# Activity
Extract, exactly and without pictures, every line from the one that includes "this 1203×1600 image." through the final line of the material below.

+ + + + +

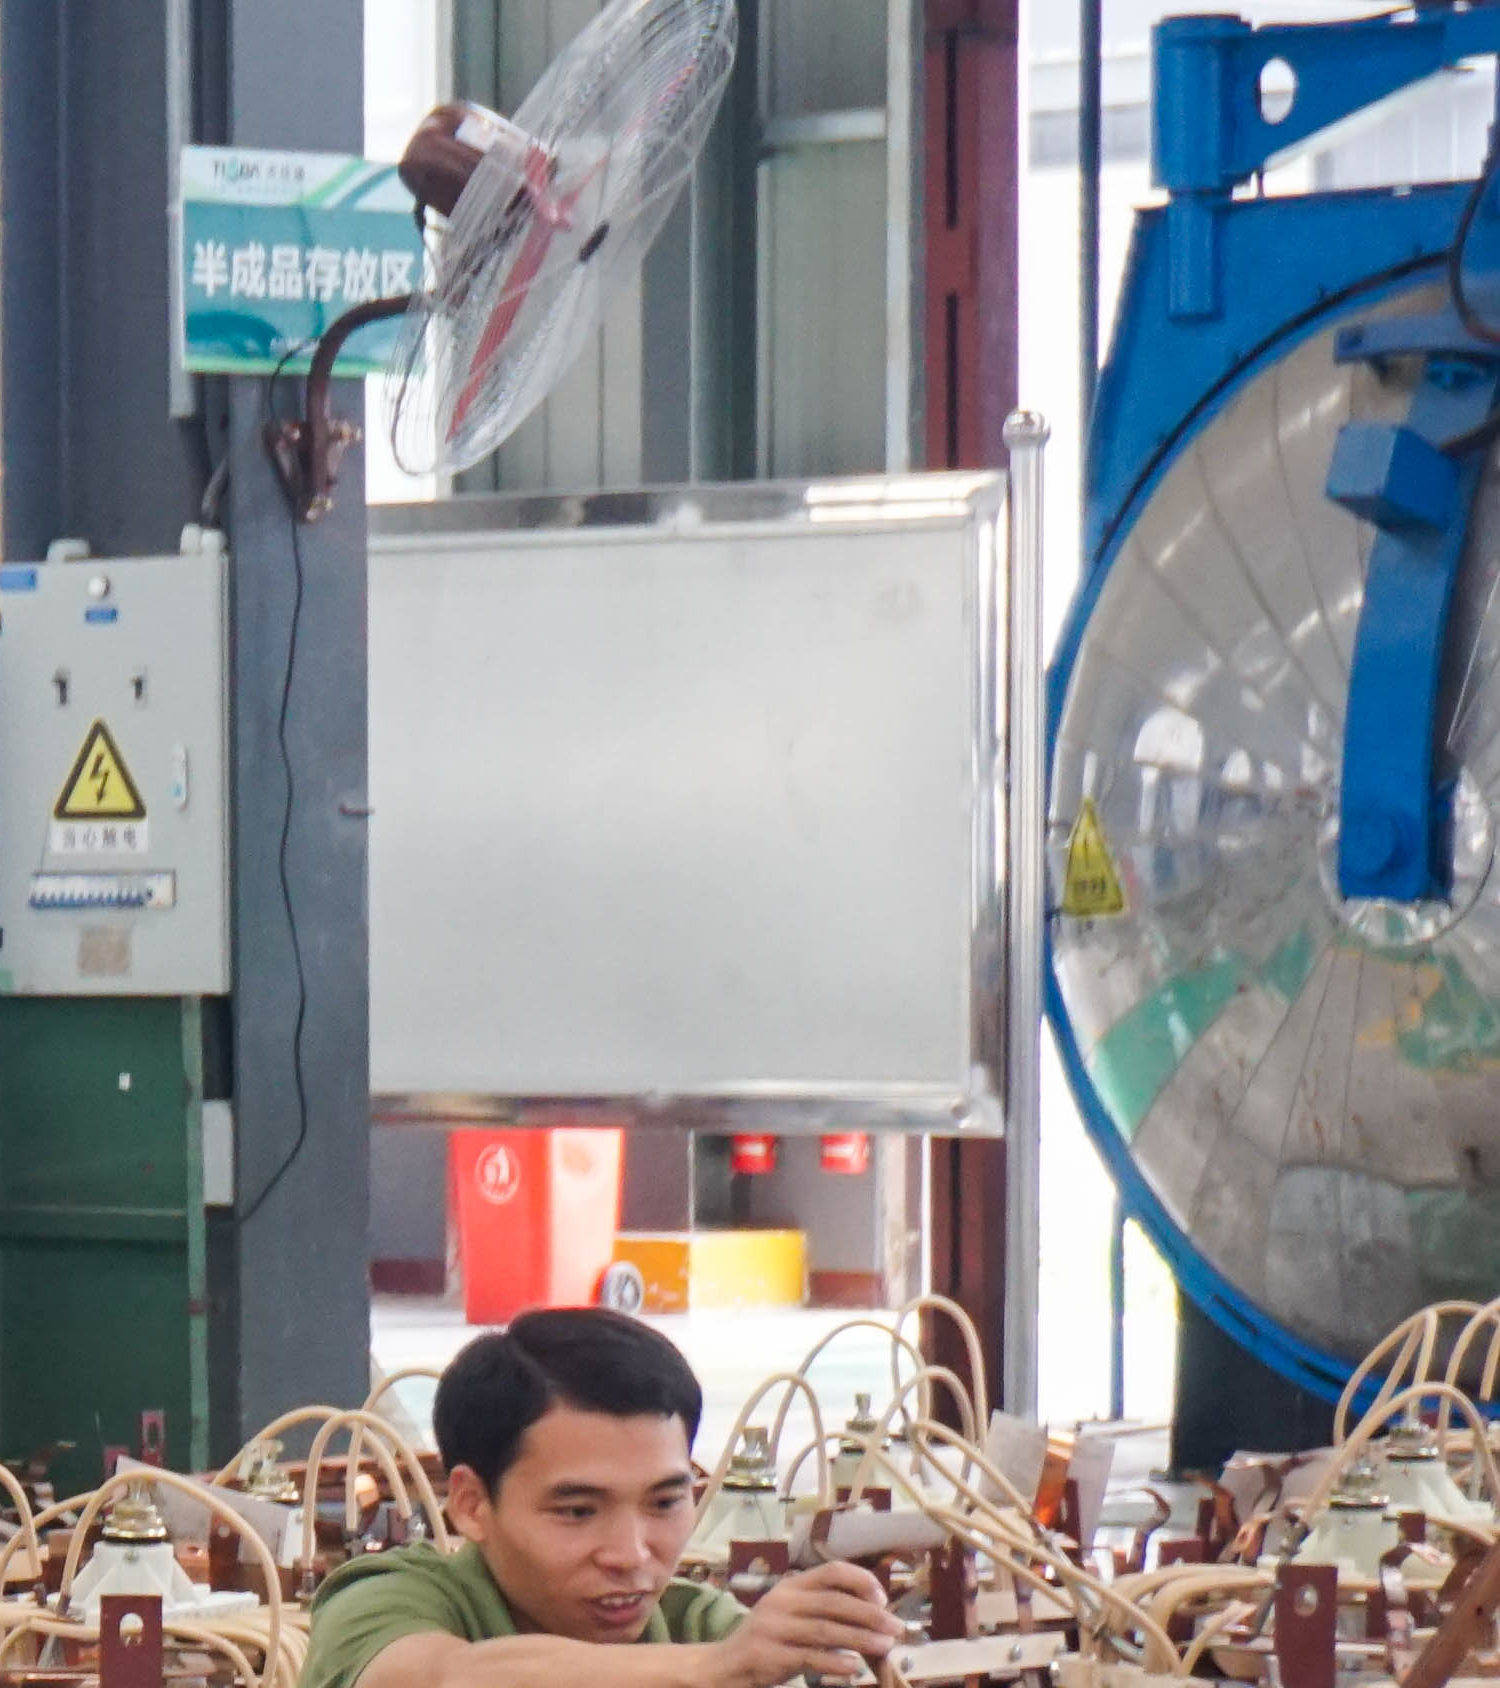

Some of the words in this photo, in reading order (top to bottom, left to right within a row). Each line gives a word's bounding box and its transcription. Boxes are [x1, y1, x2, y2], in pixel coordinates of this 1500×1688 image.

[192, 239, 415, 300] 半成品存放区
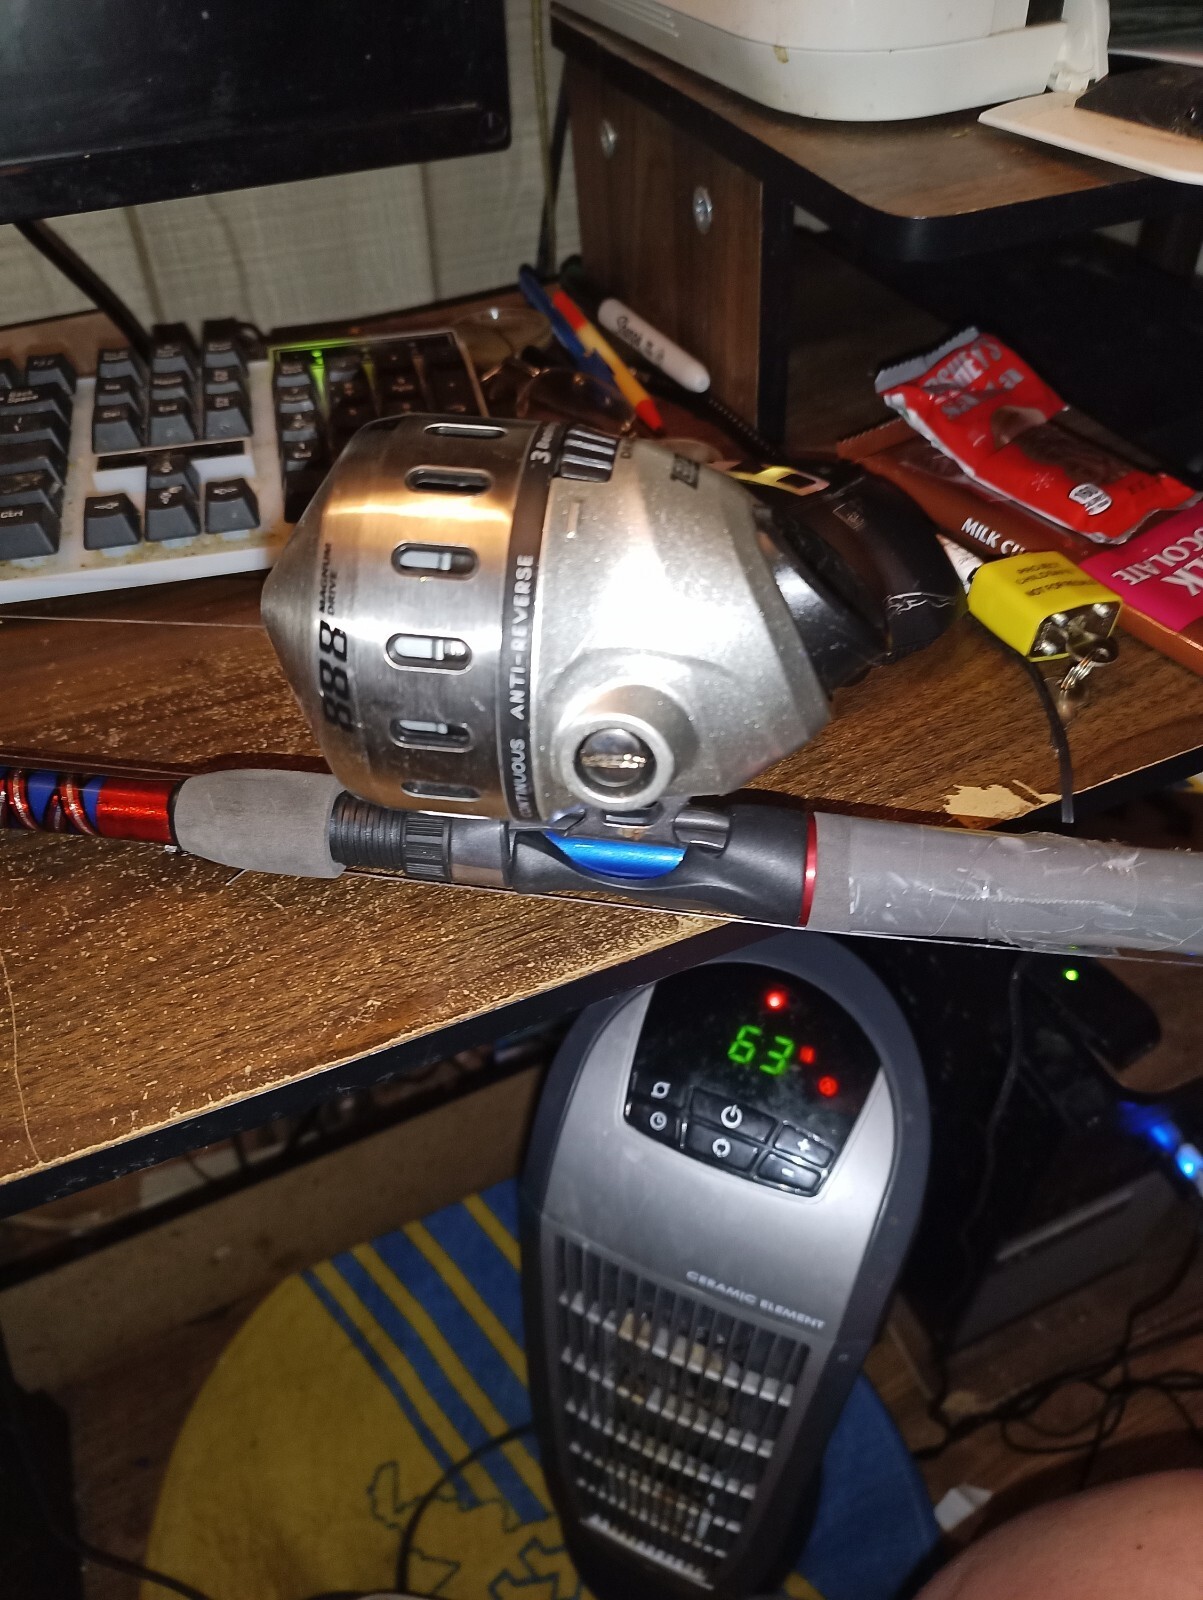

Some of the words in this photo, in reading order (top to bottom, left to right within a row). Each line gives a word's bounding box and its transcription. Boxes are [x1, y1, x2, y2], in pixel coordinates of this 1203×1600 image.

[961, 517, 1001, 549] MILK
[319, 543, 331, 613] MAGNUM
[327, 571, 338, 616] DRIVE
[509, 554, 534, 721] ANTI-REVERSE
[319, 619, 352, 732] 888
[728, 1025, 794, 1075] 63
[686, 1270, 757, 1306] CERAMIC
[759, 1299, 825, 1330] ELEMENT
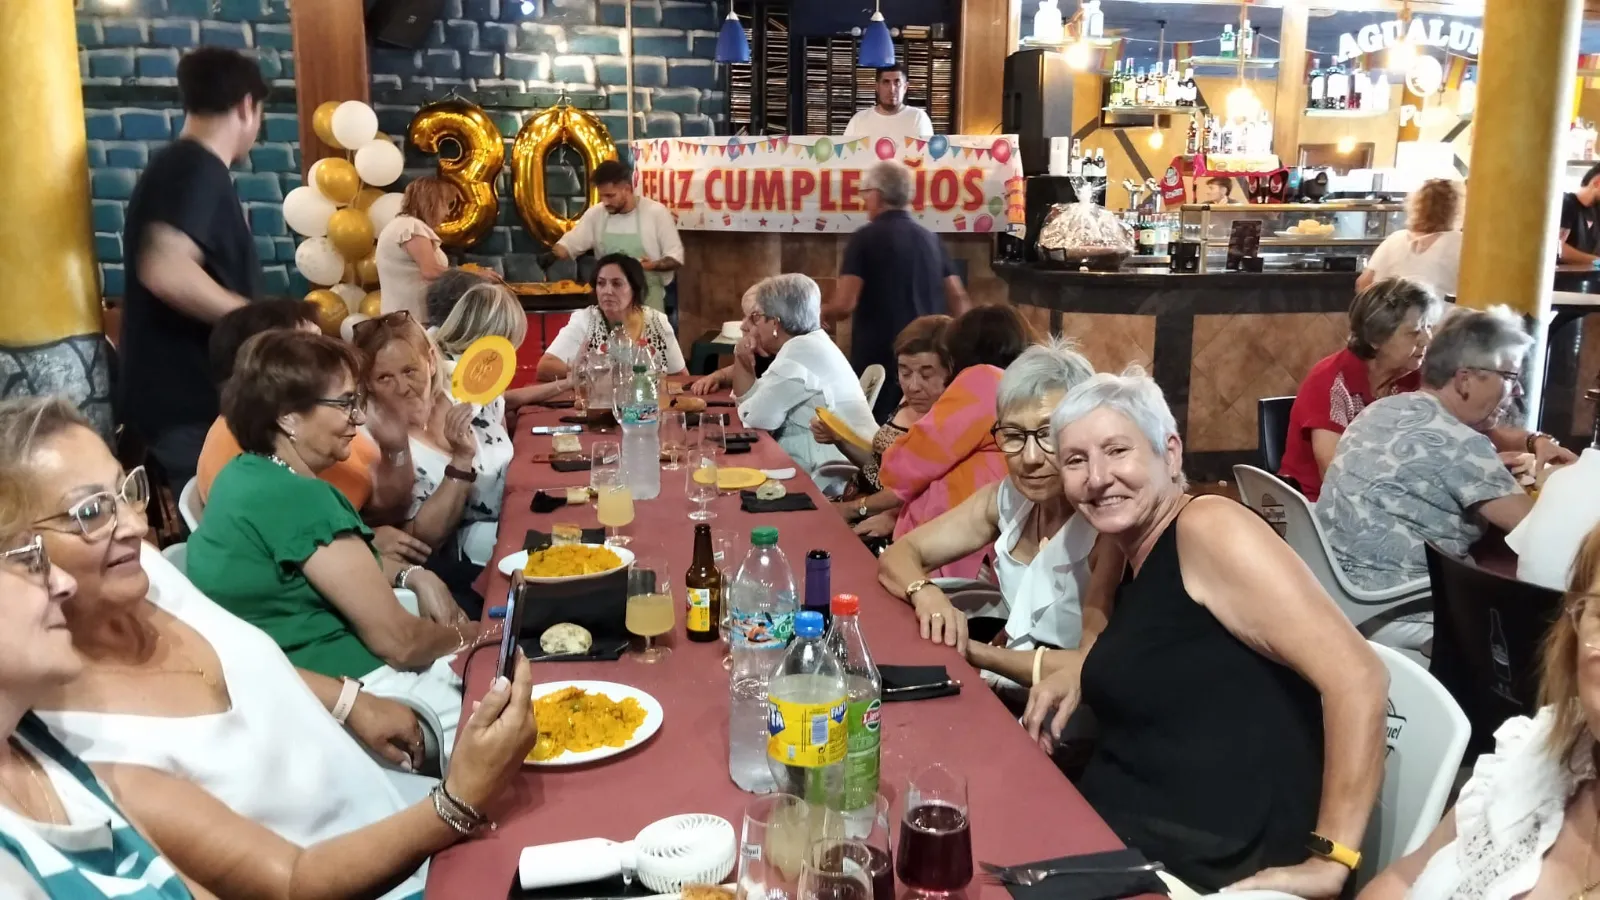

+ + + + +

# Answer below
Some of the words in this photo, in reading order (top to bottom, left to right within a row). Each line gives a word's bounding box and its transcription. Boxes are [x1, y1, x2, y2], in pixel coordinates of this 1203×1600 image.

[961, 517, 1001, 549] MILK
[319, 543, 331, 613] MAGNUM
[327, 571, 338, 616] DRIVE
[509, 554, 534, 721] ANTI-REVERSE
[319, 619, 352, 732] 888
[728, 1025, 794, 1075] 63
[686, 1270, 757, 1306] CERAMIC
[759, 1299, 825, 1330] ELEMENT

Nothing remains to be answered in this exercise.